Records drawn from a dataset:

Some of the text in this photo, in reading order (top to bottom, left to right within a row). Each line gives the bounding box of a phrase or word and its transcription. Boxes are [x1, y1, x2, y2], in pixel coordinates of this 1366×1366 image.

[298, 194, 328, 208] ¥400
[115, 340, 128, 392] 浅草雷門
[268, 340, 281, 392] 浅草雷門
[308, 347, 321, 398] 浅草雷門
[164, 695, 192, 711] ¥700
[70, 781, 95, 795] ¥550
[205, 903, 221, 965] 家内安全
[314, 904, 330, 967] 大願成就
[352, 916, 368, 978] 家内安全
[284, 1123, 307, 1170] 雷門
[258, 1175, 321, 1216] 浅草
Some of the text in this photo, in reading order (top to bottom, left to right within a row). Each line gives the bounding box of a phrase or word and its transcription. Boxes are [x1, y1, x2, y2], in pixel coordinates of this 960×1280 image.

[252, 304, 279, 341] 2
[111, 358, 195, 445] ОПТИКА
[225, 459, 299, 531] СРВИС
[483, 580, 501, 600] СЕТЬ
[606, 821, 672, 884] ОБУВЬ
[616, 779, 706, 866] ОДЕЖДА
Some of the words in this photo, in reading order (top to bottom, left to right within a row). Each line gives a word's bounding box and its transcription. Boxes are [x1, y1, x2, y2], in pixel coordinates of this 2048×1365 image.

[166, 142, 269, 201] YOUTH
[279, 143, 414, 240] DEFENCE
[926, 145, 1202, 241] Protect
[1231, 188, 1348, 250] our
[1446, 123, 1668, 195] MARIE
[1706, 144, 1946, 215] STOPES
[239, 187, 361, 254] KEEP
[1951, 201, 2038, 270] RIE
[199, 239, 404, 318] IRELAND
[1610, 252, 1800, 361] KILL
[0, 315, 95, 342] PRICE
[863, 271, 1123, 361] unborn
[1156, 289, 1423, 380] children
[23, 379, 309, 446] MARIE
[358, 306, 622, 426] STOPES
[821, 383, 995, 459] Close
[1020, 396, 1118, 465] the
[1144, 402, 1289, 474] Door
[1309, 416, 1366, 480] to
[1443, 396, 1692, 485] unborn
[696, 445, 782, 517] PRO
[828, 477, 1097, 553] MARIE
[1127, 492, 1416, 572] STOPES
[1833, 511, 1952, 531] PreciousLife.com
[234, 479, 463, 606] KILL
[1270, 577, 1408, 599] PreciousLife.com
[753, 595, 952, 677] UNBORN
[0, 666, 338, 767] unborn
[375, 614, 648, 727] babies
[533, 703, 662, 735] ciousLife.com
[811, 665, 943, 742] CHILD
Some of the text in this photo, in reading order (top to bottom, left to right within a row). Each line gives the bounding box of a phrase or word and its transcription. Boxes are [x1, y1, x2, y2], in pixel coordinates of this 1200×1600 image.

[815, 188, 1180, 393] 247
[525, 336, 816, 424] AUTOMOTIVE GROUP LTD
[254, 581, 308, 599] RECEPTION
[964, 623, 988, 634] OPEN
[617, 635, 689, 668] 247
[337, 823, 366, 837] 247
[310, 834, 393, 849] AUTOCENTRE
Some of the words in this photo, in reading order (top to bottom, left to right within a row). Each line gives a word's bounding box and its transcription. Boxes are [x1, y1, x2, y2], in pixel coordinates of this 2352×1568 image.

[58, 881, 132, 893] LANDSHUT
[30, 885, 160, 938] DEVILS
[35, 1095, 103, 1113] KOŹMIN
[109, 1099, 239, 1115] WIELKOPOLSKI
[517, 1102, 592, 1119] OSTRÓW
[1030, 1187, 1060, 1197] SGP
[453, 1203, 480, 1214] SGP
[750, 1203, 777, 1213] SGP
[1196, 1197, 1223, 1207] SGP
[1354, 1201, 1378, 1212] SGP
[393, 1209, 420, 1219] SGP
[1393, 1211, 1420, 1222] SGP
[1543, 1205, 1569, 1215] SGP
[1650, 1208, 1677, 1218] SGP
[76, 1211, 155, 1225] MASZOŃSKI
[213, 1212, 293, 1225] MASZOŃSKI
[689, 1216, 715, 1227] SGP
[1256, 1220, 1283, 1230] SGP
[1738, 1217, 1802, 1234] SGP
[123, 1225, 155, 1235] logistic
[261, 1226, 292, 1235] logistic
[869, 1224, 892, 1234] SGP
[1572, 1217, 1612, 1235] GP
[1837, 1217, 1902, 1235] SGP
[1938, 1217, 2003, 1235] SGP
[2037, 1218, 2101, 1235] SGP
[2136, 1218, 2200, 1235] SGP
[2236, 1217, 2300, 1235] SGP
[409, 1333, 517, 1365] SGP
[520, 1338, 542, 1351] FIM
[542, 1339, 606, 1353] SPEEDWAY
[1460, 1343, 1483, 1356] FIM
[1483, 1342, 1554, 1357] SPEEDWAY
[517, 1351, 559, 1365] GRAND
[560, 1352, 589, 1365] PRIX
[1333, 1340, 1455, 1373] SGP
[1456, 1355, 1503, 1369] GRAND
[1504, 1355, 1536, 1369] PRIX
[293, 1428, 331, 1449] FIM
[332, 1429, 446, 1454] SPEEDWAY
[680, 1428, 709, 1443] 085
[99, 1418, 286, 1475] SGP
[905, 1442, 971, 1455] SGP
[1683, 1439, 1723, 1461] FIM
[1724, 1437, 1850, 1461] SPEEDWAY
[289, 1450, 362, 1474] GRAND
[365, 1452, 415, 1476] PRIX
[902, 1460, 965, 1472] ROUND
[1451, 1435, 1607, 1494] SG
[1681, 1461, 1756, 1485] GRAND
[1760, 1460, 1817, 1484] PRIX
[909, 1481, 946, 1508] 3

[Work task]
In full and without deviation, reproduce the entries above.

[Result of the task]
Some of the text in this photo, in reading order (top to bottom, left to right within a row). Each line gives the bounding box of a phrase or word and its transcription. Boxes are [x1, y1, x2, y2], in pixel coordinates of this 1366×1366 image.

[298, 194, 328, 208] ¥400
[115, 340, 128, 392] 浅草雷門
[268, 340, 281, 392] 浅草雷門
[308, 347, 321, 398] 浅草雷門
[164, 695, 192, 711] ¥700
[70, 781, 95, 795] ¥550
[205, 903, 221, 965] 家内安全
[314, 904, 330, 967] 大願成就
[352, 916, 368, 978] 家内安全
[284, 1123, 307, 1170] 雷門
[258, 1175, 321, 1216] 浅草
Some of the text in this photo, in reading order (top to bottom, left to right within a row). Each line gives the bounding box of a phrase or word and its transcription. Boxes are [x1, y1, x2, y2], in pixel coordinates of this 960×1280 image.

[252, 304, 279, 341] 2
[111, 358, 195, 445] ОПТИКА
[225, 459, 299, 531] СРВИС
[483, 580, 501, 600] СЕТЬ
[606, 821, 672, 884] ОБУВЬ
[616, 779, 706, 866] ОДЕЖДА
Some of the words in this photo, in reading order (top to bottom, left to right within a row). Each line gives a word's bounding box and its transcription. Boxes are [x1, y1, x2, y2], in pixel coordinates of this 2048×1365 image.

[166, 142, 269, 201] YOUTH
[279, 143, 414, 240] DEFENCE
[926, 145, 1202, 241] Protect
[1231, 188, 1348, 250] our
[1446, 123, 1668, 195] MARIE
[1706, 144, 1946, 215] STOPES
[239, 187, 361, 254] KEEP
[1951, 201, 2038, 270] RIE
[199, 239, 404, 318] IRELAND
[1610, 252, 1800, 361] KILL
[0, 315, 95, 342] PRICE
[863, 271, 1123, 361] unborn
[1156, 289, 1423, 380] children
[23, 379, 309, 446] MARIE
[358, 306, 622, 426] STOPES
[821, 383, 995, 459] Close
[1020, 396, 1118, 465] the
[1144, 402, 1289, 474] Door
[1309, 416, 1366, 480] to
[1443, 396, 1692, 485] unborn
[696, 445, 782, 517] PRO
[828, 477, 1097, 553] MARIE
[1127, 492, 1416, 572] STOPES
[1833, 511, 1952, 531] PreciousLife.com
[234, 479, 463, 606] KILL
[1270, 577, 1408, 599] PreciousLife.com
[753, 595, 952, 677] UNBORN
[0, 666, 338, 767] unborn
[375, 614, 648, 727] babies
[533, 703, 662, 735] ciousLife.com
[811, 665, 943, 742] CHILD
Some of the text in this photo, in reading order (top to bottom, left to right within a row). Each line gives the bounding box of a phrase or word and its transcription. Boxes are [x1, y1, x2, y2], in pixel coordinates of this 1200×1600 image.

[815, 188, 1180, 393] 247
[525, 336, 816, 424] AUTOMOTIVE GROUP LTD
[254, 581, 308, 599] RECEPTION
[964, 623, 988, 634] OPEN
[617, 635, 689, 668] 247
[337, 823, 366, 837] 247
[310, 834, 393, 849] AUTOCENTRE
Some of the words in this photo, in reading order (top to bottom, left to right within a row). Each line gives a word's bounding box and its transcription. Boxes are [x1, y1, x2, y2], in pixel coordinates of this 2352×1568 image.

[58, 881, 132, 893] LANDSHUT
[30, 885, 160, 938] DEVILS
[35, 1095, 103, 1113] KOŹMIN
[109, 1099, 239, 1115] WIELKOPOLSKI
[517, 1102, 592, 1119] OSTRÓW
[1030, 1187, 1060, 1197] SGP
[453, 1203, 480, 1214] SGP
[750, 1203, 777, 1213] SGP
[1196, 1197, 1223, 1207] SGP
[1354, 1201, 1378, 1212] SGP
[393, 1209, 420, 1219] SGP
[1393, 1211, 1420, 1222] SGP
[1543, 1205, 1569, 1215] SGP
[1650, 1208, 1677, 1218] SGP
[76, 1211, 155, 1225] MASZOŃSKI
[213, 1212, 293, 1225] MASZOŃSKI
[689, 1216, 715, 1227] SGP
[1256, 1220, 1283, 1230] SGP
[1738, 1217, 1802, 1234] SGP
[123, 1225, 155, 1235] logistic
[261, 1226, 292, 1235] logistic
[869, 1224, 892, 1234] SGP
[1572, 1217, 1612, 1235] GP
[1837, 1217, 1902, 1235] SGP
[1938, 1217, 2003, 1235] SGP
[2037, 1218, 2101, 1235] SGP
[2136, 1218, 2200, 1235] SGP
[2236, 1217, 2300, 1235] SGP
[409, 1333, 517, 1365] SGP
[520, 1338, 542, 1351] FIM
[542, 1339, 606, 1353] SPEEDWAY
[1460, 1343, 1483, 1356] FIM
[1483, 1342, 1554, 1357] SPEEDWAY
[517, 1351, 559, 1365] GRAND
[560, 1352, 589, 1365] PRIX
[1333, 1340, 1455, 1373] SGP
[1456, 1355, 1503, 1369] GRAND
[1504, 1355, 1536, 1369] PRIX
[293, 1428, 331, 1449] FIM
[332, 1429, 446, 1454] SPEEDWAY
[680, 1428, 709, 1443] 085
[99, 1418, 286, 1475] SGP
[905, 1442, 971, 1455] SGP
[1683, 1439, 1723, 1461] FIM
[1724, 1437, 1850, 1461] SPEEDWAY
[289, 1450, 362, 1474] GRAND
[365, 1452, 415, 1476] PRIX
[902, 1460, 965, 1472] ROUND
[1451, 1435, 1607, 1494] SG
[1681, 1461, 1756, 1485] GRAND
[1760, 1460, 1817, 1484] PRIX
[909, 1481, 946, 1508] 3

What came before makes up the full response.